**ACTIVITY:**
Omit every picture and write out the rest of the records exactly.

(Records drawn from a dataset)

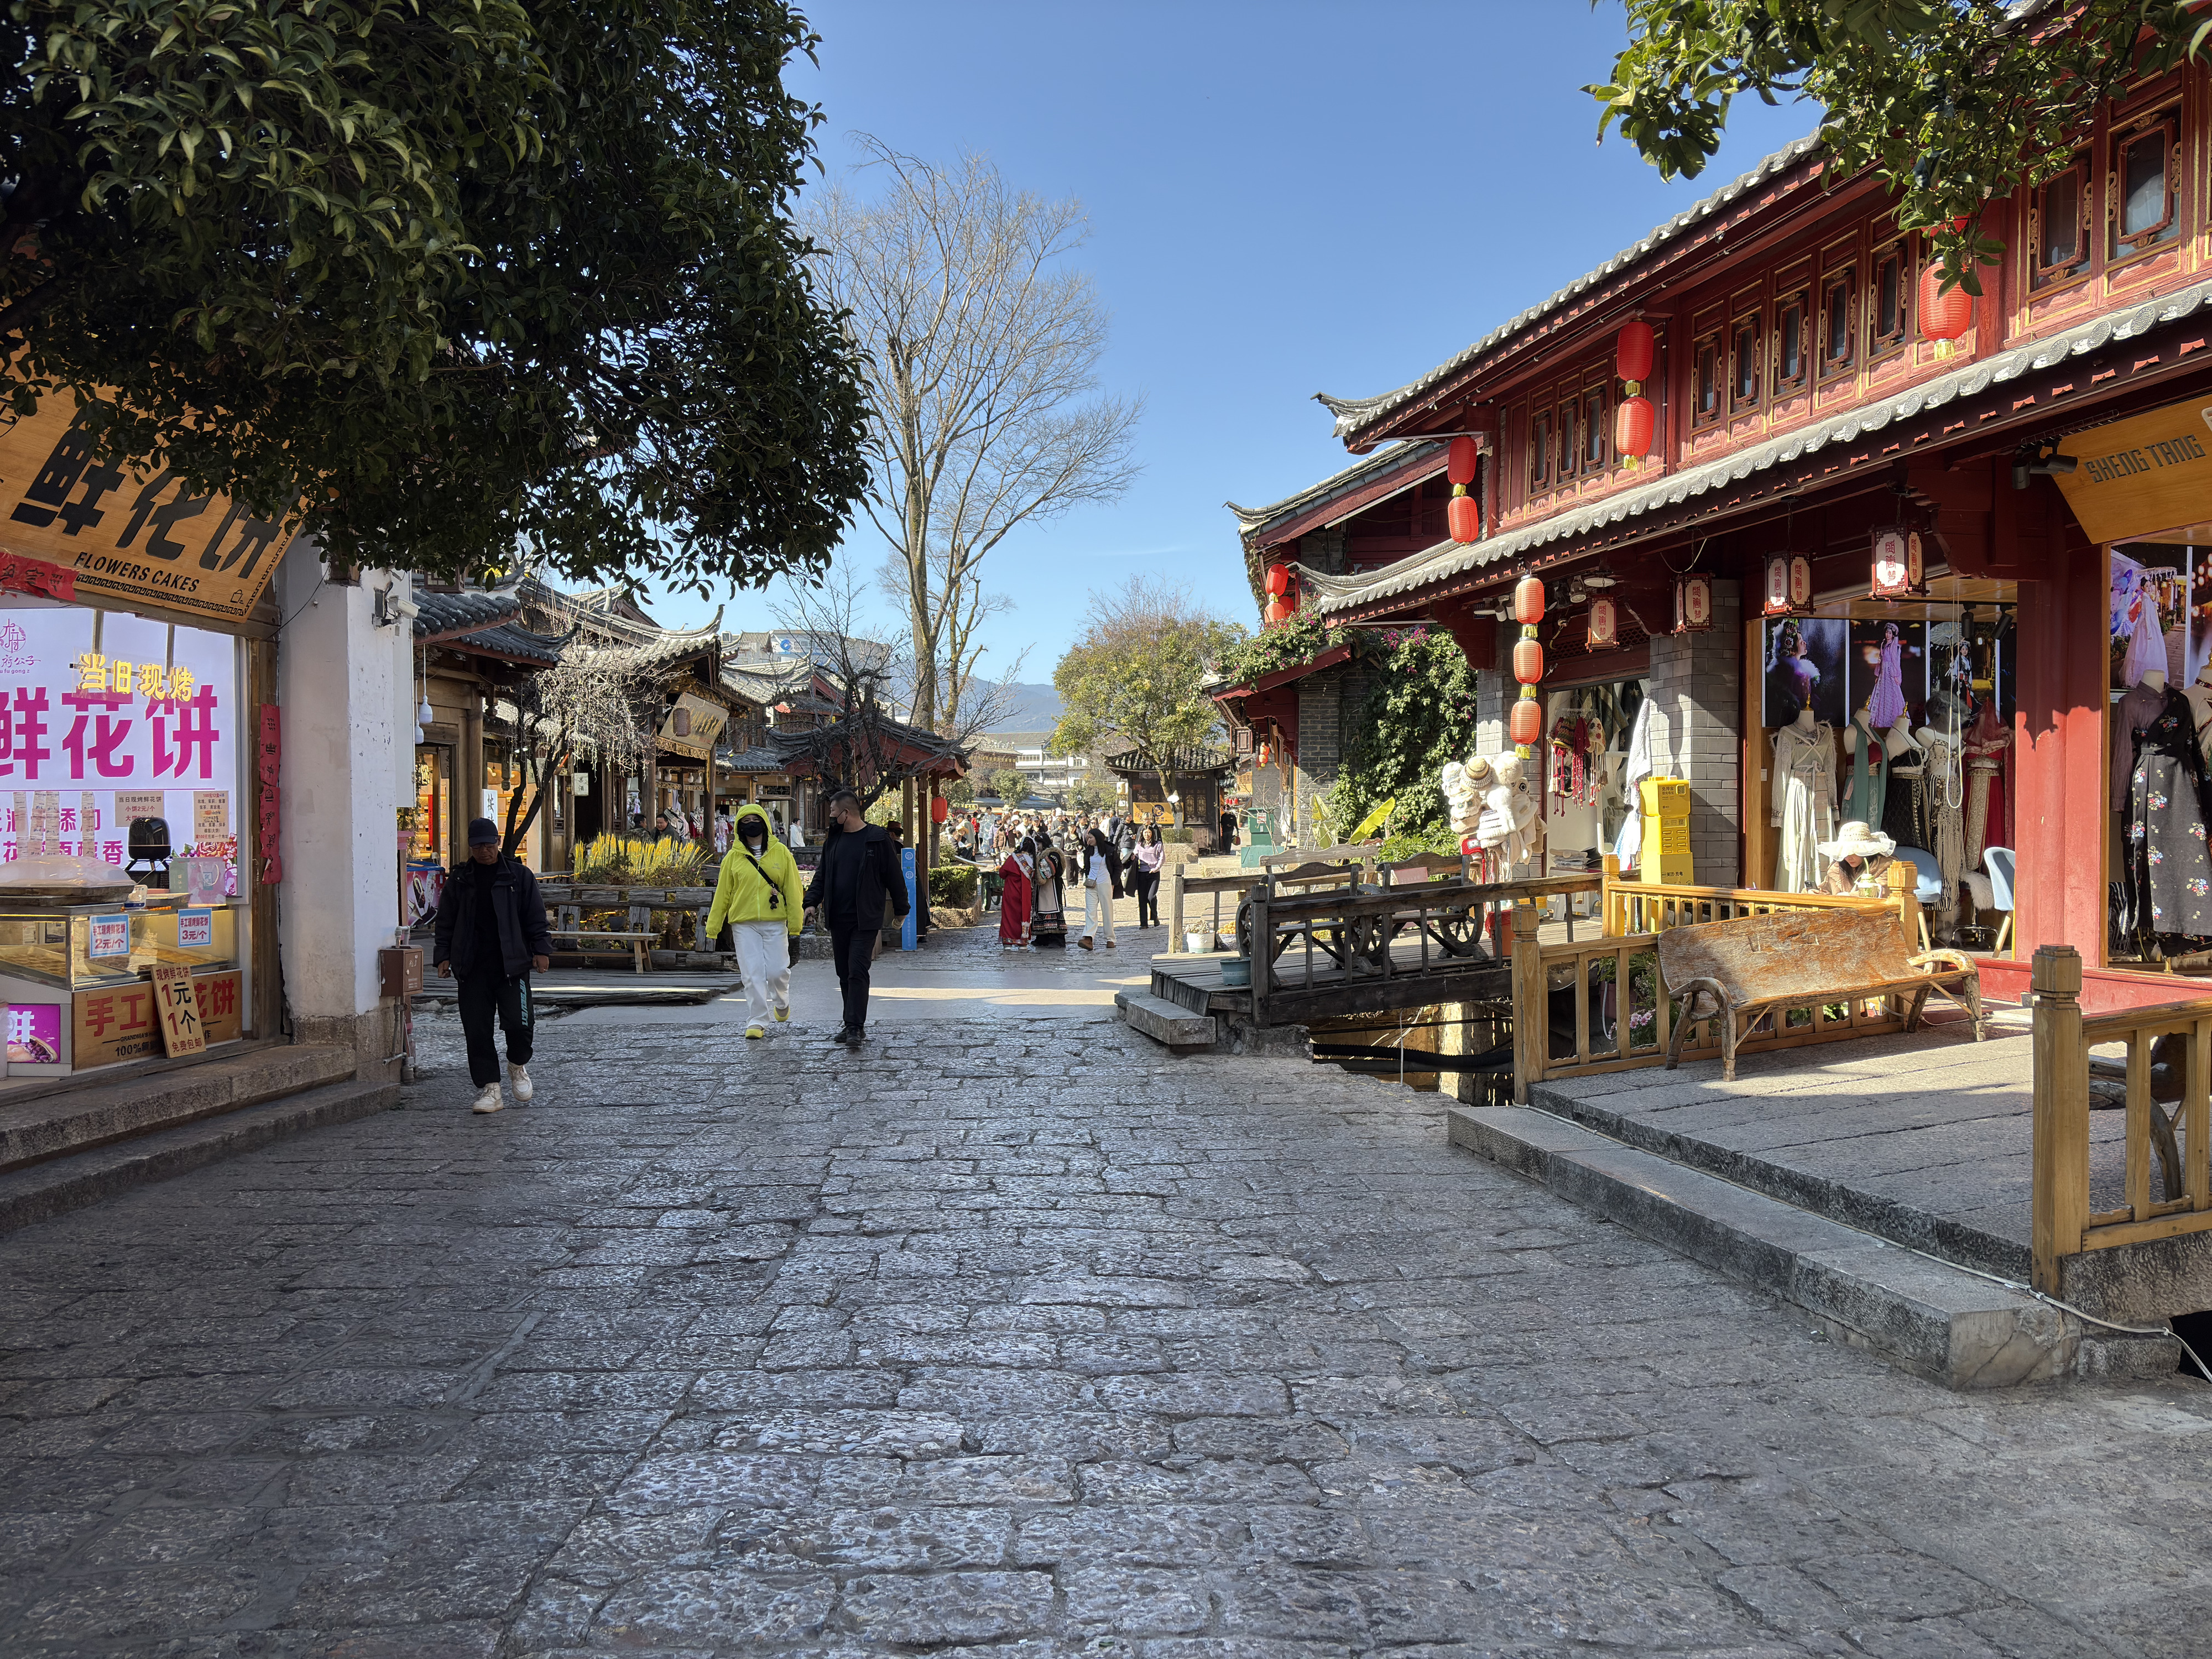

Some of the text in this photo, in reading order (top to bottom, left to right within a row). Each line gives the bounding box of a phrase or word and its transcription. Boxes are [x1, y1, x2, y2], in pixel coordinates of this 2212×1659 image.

[2084, 434, 2206, 483] SHENG TANG
[74, 551, 150, 581] FLOWERS
[152, 570, 200, 592] CAKES
[79, 653, 195, 702] 当日现烤
[0, 685, 220, 779] 鲜花饼
[93, 924, 126, 936] 手工现烤鲜花饼
[180, 916, 208, 928] 手工现烤鲜花饼
[95, 938, 124, 950] 2元/个
[182, 930, 207, 940] 3元/个
[155, 966, 189, 981] 现烤鲜花饼
[161, 982, 192, 1007] 1元
[168, 1010, 196, 1036] 1个
[171, 1037, 202, 1053] 免费包邮

**EXERCISE OUTPUT:**
Some of the text in this photo, in reading order (top to bottom, left to right within a row). Each line gives the bounding box of a phrase or word and its transcription. Boxes are [x1, y1, x2, y2], in pixel coordinates of this 2212×1659 image.

[2084, 434, 2206, 483] SHENG TANG
[74, 551, 150, 581] FLOWERS
[152, 570, 200, 592] CAKES
[79, 653, 195, 702] 当日现烤
[0, 685, 220, 779] 鲜花饼
[93, 924, 126, 936] 手工现烤鲜花饼
[180, 916, 208, 928] 手工现烤鲜花饼
[95, 938, 124, 950] 2元/个
[182, 930, 207, 940] 3元/个
[155, 966, 189, 981] 现烤鲜花饼
[161, 982, 192, 1007] 1元
[168, 1010, 196, 1036] 1个
[171, 1037, 202, 1053] 免费包邮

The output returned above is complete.